A riqueza deste grupo ascende a 14,7 mil milhões de euros (14,3 mil milhões em 2014), o que equivale a 8,5% do Produto Interno Bruto português de 2014. A maior fatia desta quantia está concentrada nos primeiros quatro lugares da tabela.

No topo da lista elaborada pela revista Exame, não há alterações significativas. Américo Amorim continua a ser o homem mais rico do país, Alexandre Soares dos Santos permanece na segunda posição e Belmiro de Azevedo mantém o terceiro lugar. Em quarto está a família Guimarães de Mello, também no mesmo lugar que no ano anterior.   

A única diferença está no número de milhões de euros acumulados pelos empresários.
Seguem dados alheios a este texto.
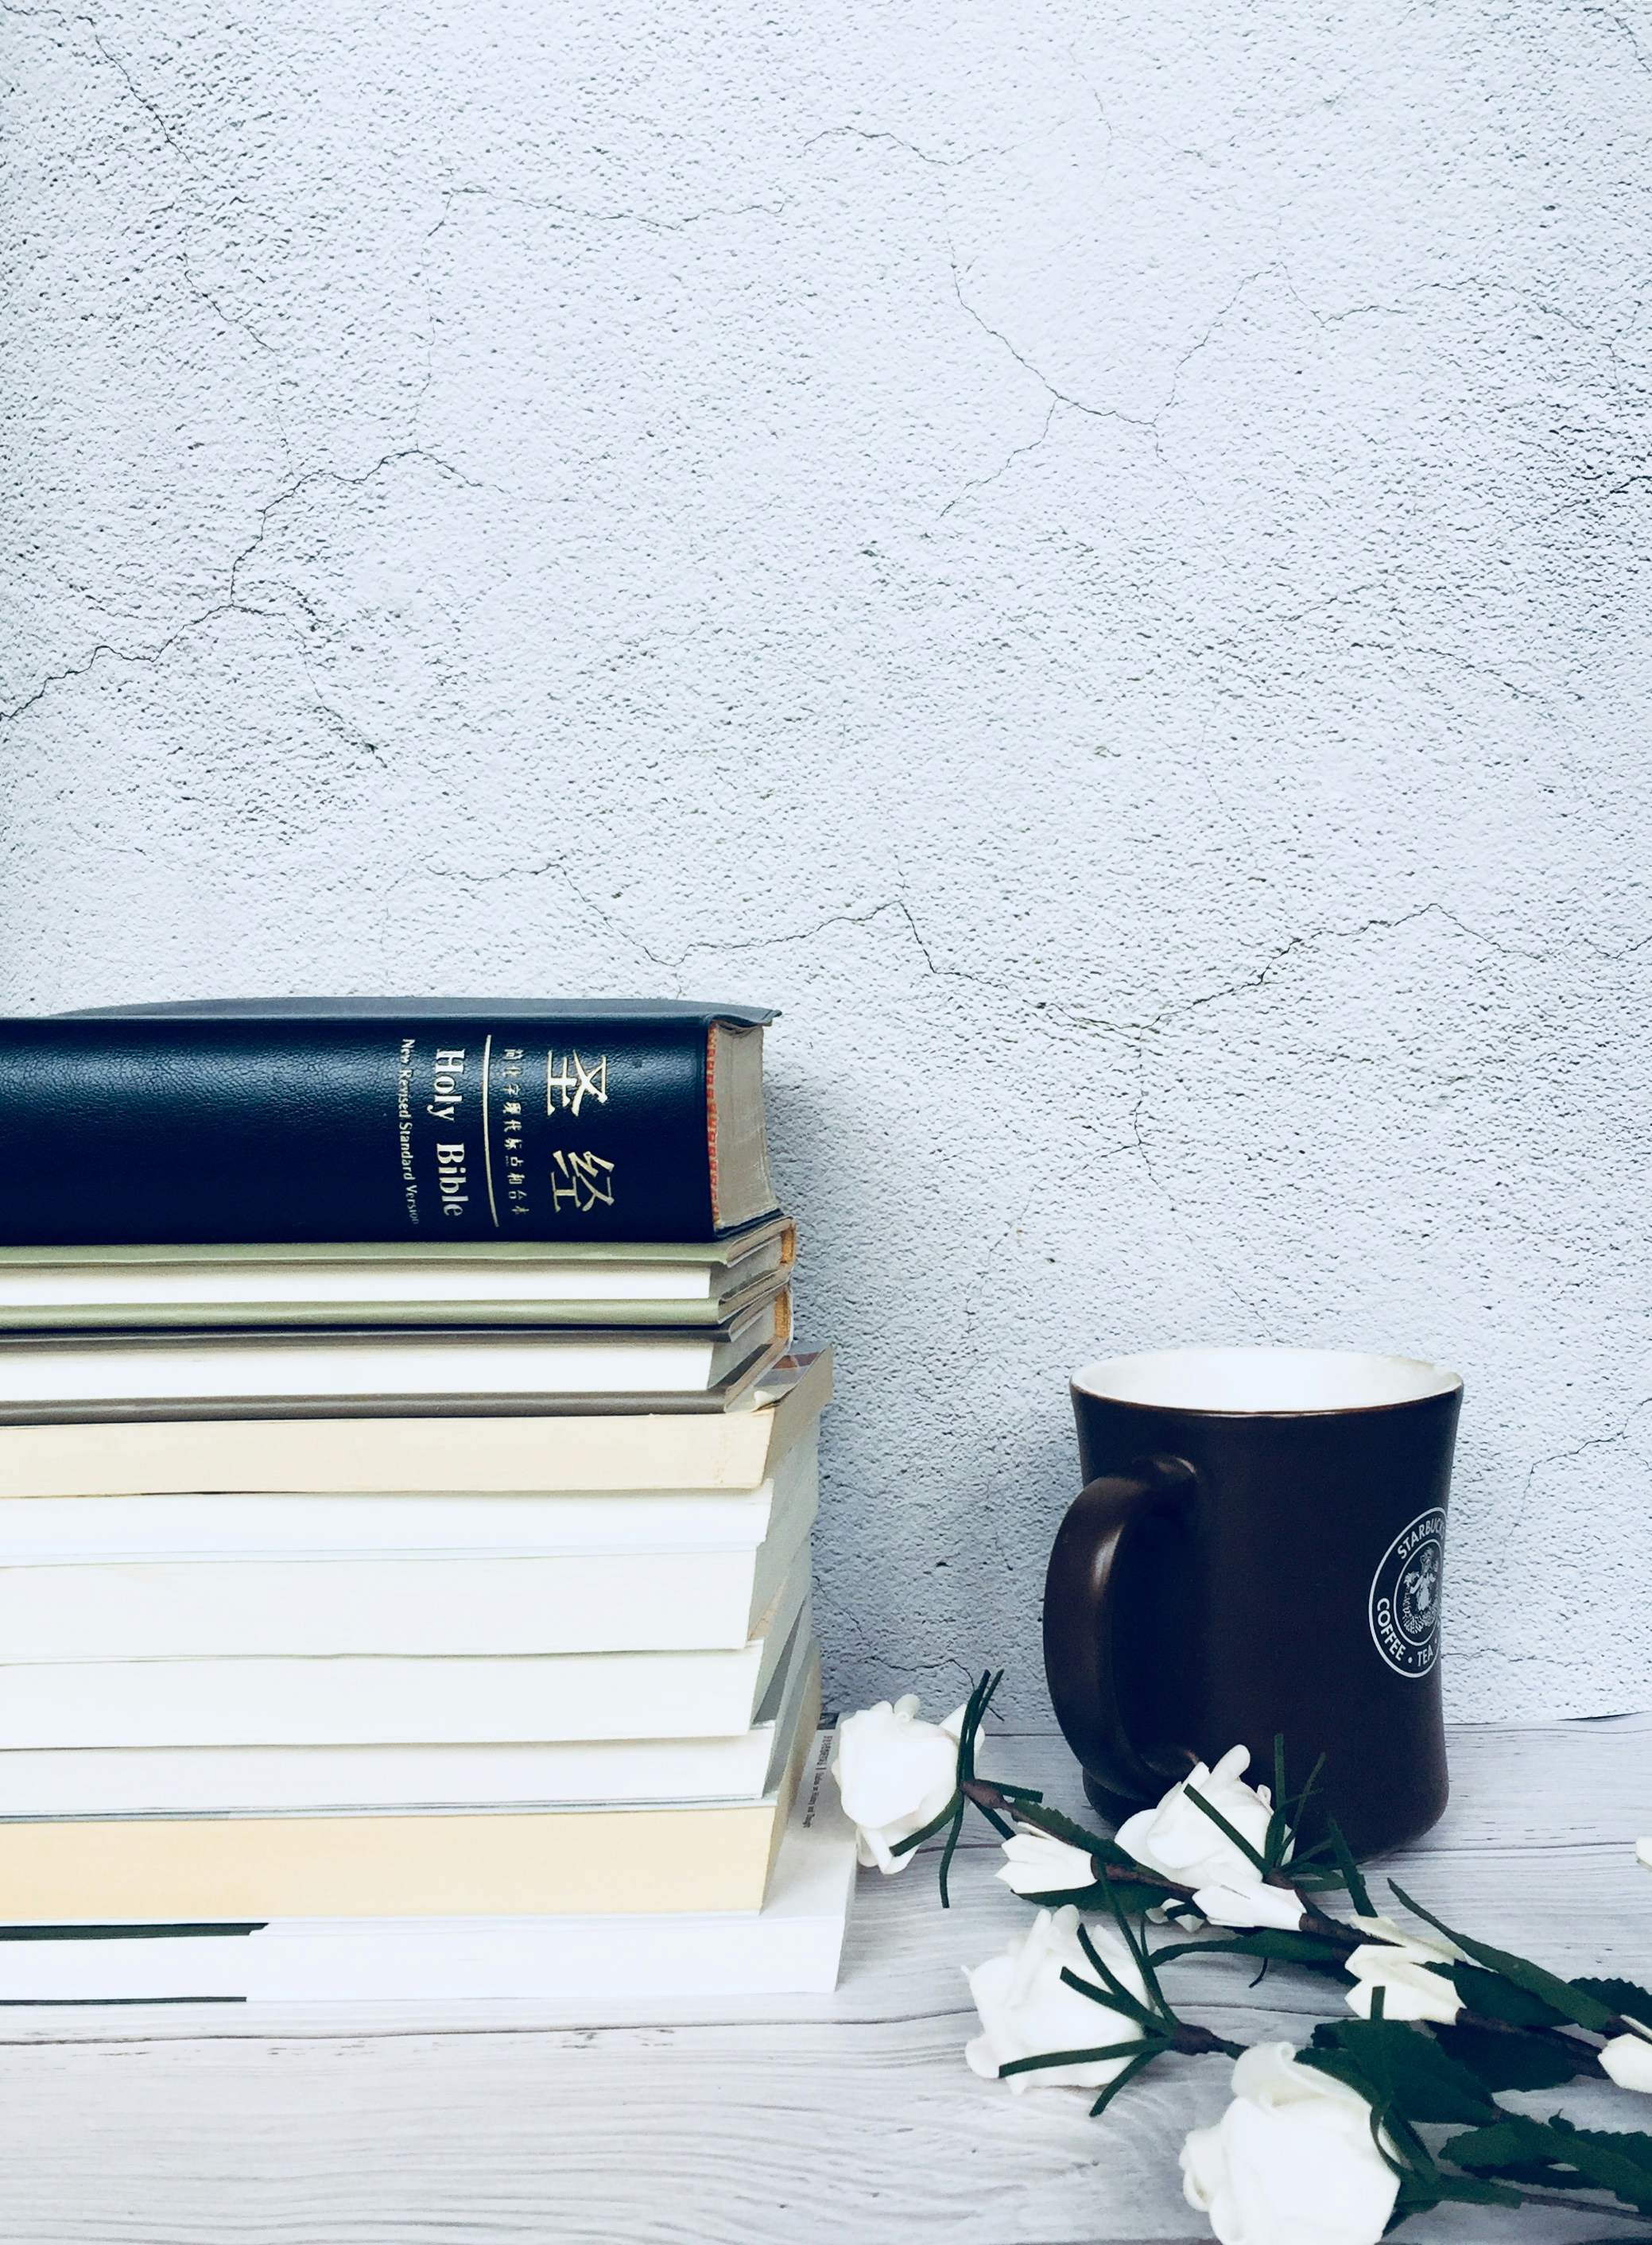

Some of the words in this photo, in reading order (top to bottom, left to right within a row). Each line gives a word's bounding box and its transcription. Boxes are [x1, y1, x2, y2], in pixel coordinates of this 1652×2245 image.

[400, 1039, 415, 1064] New
[398, 1069, 412, 1119] Revised
[427, 1049, 465, 1121] Holy
[399, 1122, 416, 1181] Standard
[547, 1049, 615, 1213] 圣经
[405, 1185, 419, 1224] Version
[436, 1142, 469, 1216] Bible
[1377, 1598, 1406, 1661] COFFEE
[1417, 1645, 1433, 1667] TEA
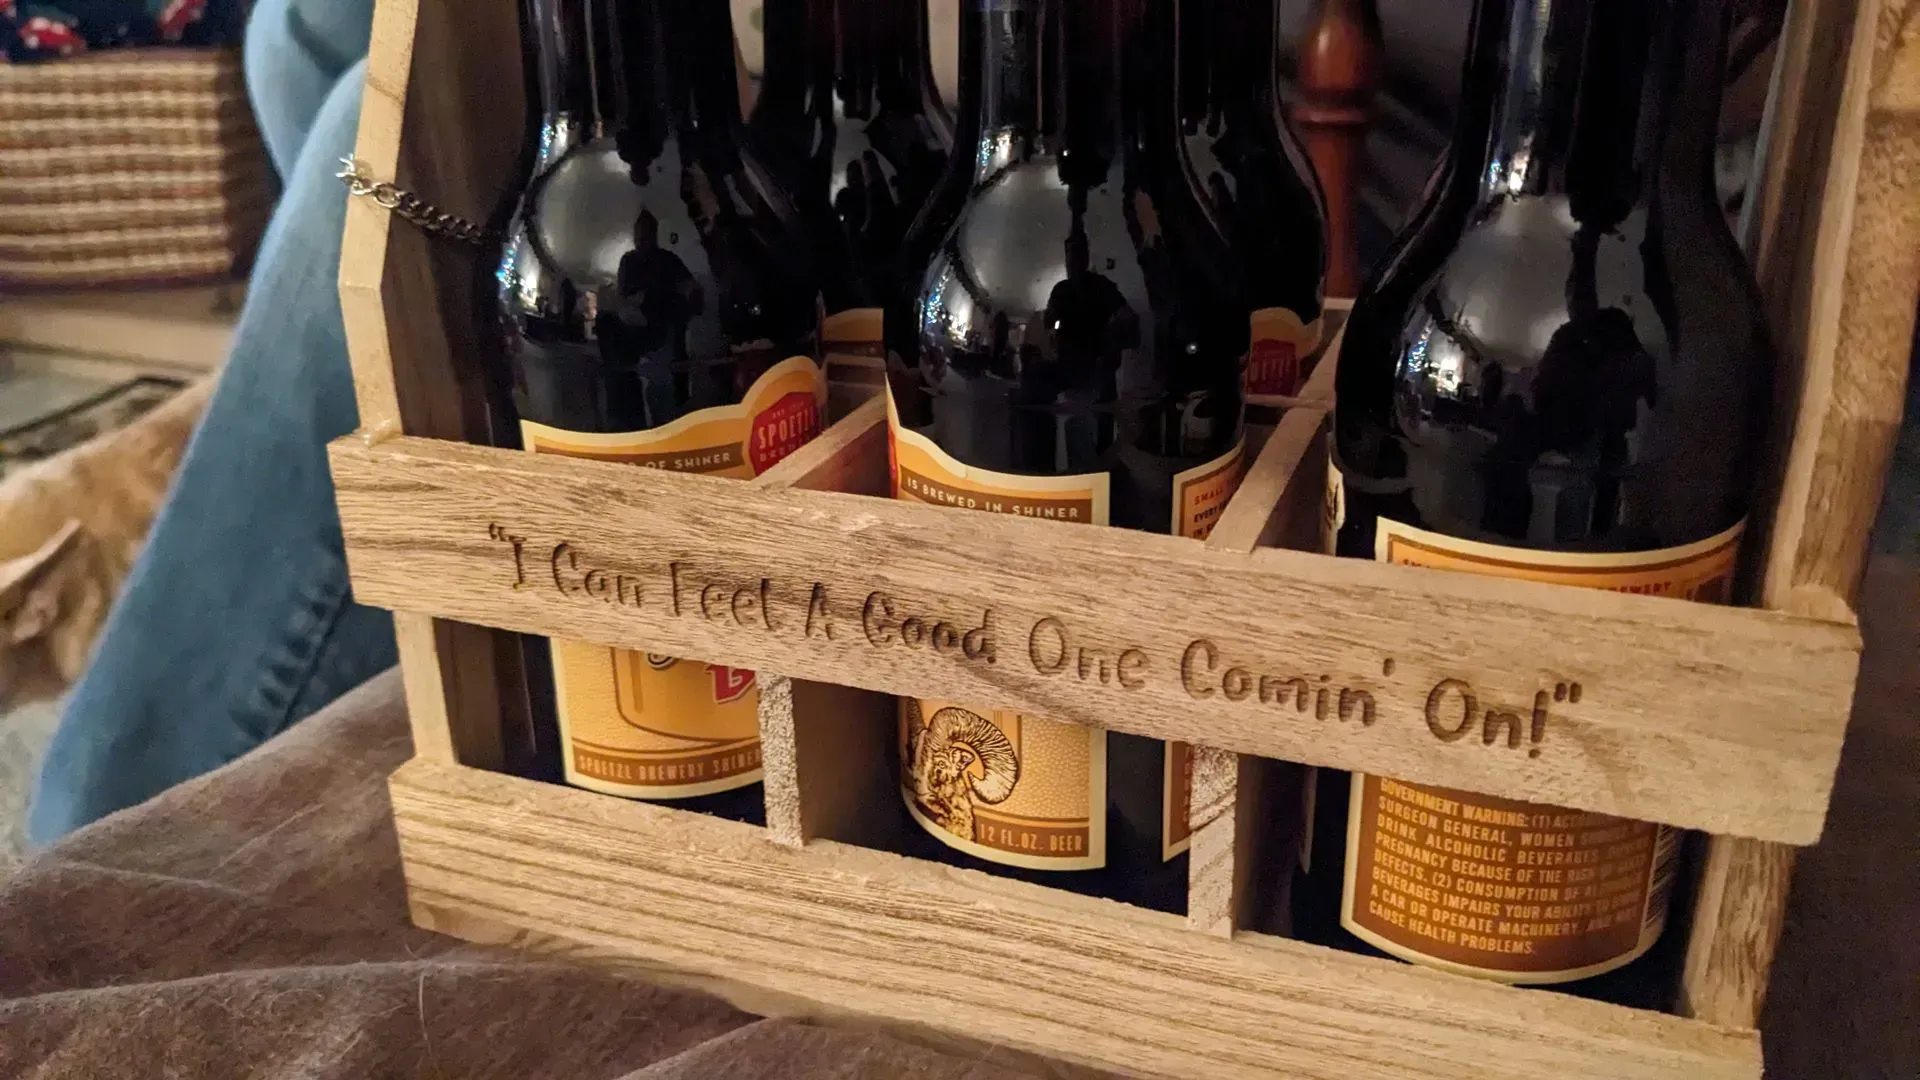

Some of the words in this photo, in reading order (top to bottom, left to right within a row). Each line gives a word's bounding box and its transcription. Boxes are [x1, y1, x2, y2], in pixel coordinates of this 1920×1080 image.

[673, 452, 731, 470] SHINER
[907, 477, 919, 490] IS
[922, 484, 977, 510] BREWED
[985, 502, 1002, 513] IN
[1011, 505, 1079, 519] SHINER
[551, 541, 643, 608] Can
[669, 560, 782, 633] Feel
[804, 581, 835, 643] A
[861, 590, 997, 665] Good
[1028, 615, 1153, 692] One
[1180, 637, 1397, 728] Comin'
[572, 754, 633, 780] SPOETZL
[638, 762, 705, 782] BREWERY
[1378, 795, 1439, 830] SURGEON
[1442, 818, 1513, 847] GENERAL,
[1519, 831, 1576, 849] WOMEN
[1380, 777, 1460, 817] GOVERNMENT
[980, 823, 996, 843] 12
[1049, 834, 1083, 852] BEER
[1374, 830, 1448, 869] PREGNANCY
[1451, 858, 1513, 883] BECAUSE
[1516, 868, 1536, 885] OF
[1538, 870, 1562, 885] THE
[1377, 813, 1418, 842] DRINK
[1424, 833, 1508, 863] ALCOHOLIC
[1515, 849, 1600, 867] BEVERAGES
[1371, 866, 1440, 904] BEVERAGES
[1443, 891, 1501, 917] IMPAIRS
[1503, 904, 1541, 921] YOUR
[1373, 847, 1429, 883] DEFECTS.
[1431, 871, 1452, 889] (2)
[1455, 877, 1560, 903] CONSUMPTION
[1368, 899, 1407, 929] CAUSE
[1408, 918, 1458, 945] HEALTH
[1370, 883, 1380, 898] A
[1381, 888, 1406, 911] CAR
[1409, 900, 1428, 918] OR
[1431, 907, 1495, 934] OPERATE
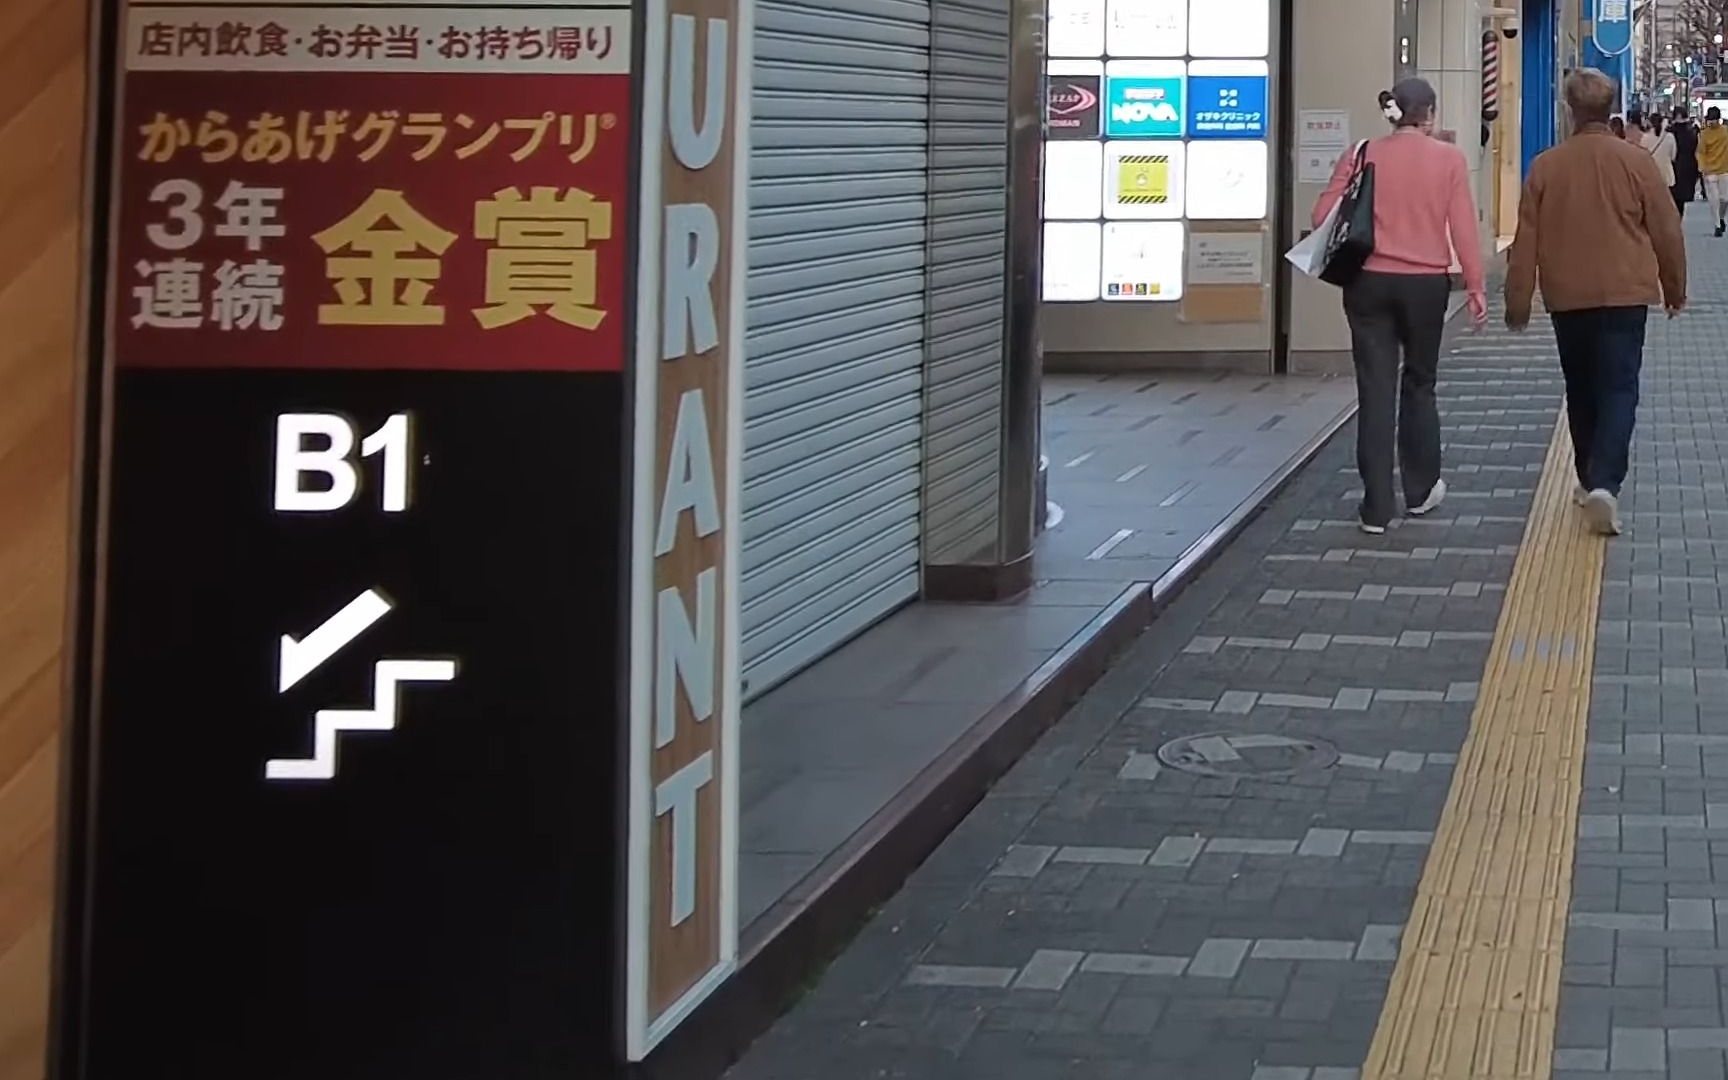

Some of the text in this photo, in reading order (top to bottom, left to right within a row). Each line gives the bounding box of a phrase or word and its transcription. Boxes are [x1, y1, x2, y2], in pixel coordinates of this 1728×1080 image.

Apesar de se manter à cabeça da lista, o dono da Corticeira Amorim vê a sua fortuna diminuir, tendência seguida pela família Guimarães de Mello. No sentido inverso, as fortunas de Soares dos Santos e de Belmiro de Azevedo seguem uma trajectória ascendente. 

Amorim não é estranho no topo da lista, posição que já tinha ocupado entre 2008 e 2011, voltando a ser o homem mais rico do país em 2013 e mantendo o título desde então.

Com uma fortuna avaliada em 2,5 mil milhões de euros, a revista calcula que, apesar de manter a posição, este número tenha baixado dos 3,3 mil milhões contabilizados no ranking anterior.

No entanto, a fórmula de cálculo da lista que é elaborada há 11 anos contabiliza a venda da participação de 25% que detinha no banco BIC como sendo um “desinvestimento na banca”, mas não tem em conta a quantia recebida pelo empresário. A queda da cotação da Galp Energia em bolsa, da qual Amorim é presidente do conselho de administração, também contribuiu para que a Exame lhe subtraísse perto de 800 milhões.

A publicação calcula que tanto a fortuna de Soares dos Santos como a de Belmiro de Azevedo tenham subido 100 milhões no último ano devido à valorização em bolsa das suas acções. O dono da Jerónimo Martins (que detém a cadeia de supermercados Pingo Doce) viu a riqueza atingir os 1,8 mil milhões. O fundador do grupo Sonae (empresa detentora do PÚBLICO), que tem negócios no comércio a retalho e telecomunicações, aumentou a fortuna para os 1,4 mil milhões.

Ao acumular 1,18 mil milhões de euros, a família Guimarães de Mello, detentora de investimentos no Grupo José de Mello, Brisa, CUF, Efacec e EDP, regista uma ligeira queda nos 1,2 mil milhões verificados em 2014.

O grupo dos dez mais ricos perdeu os donos da Mota-Engil. António Mota e as irmãs caíram da sexta posição onde estavam em 2014 devido à queda da cotação da empresa de construção em bolsa.

Em 2014, a família Espírito Santo saiu pela primeira vez da lista em dez anos de estudo. Depois da crise do Grupo Espírito Santo (GES), Maria do Carmo Espírito Santo Silva, maior accionista do grupo e que ocupou em 2013 a 10.ª posição, deixou a lista dos mais ricos elaborada pela revista.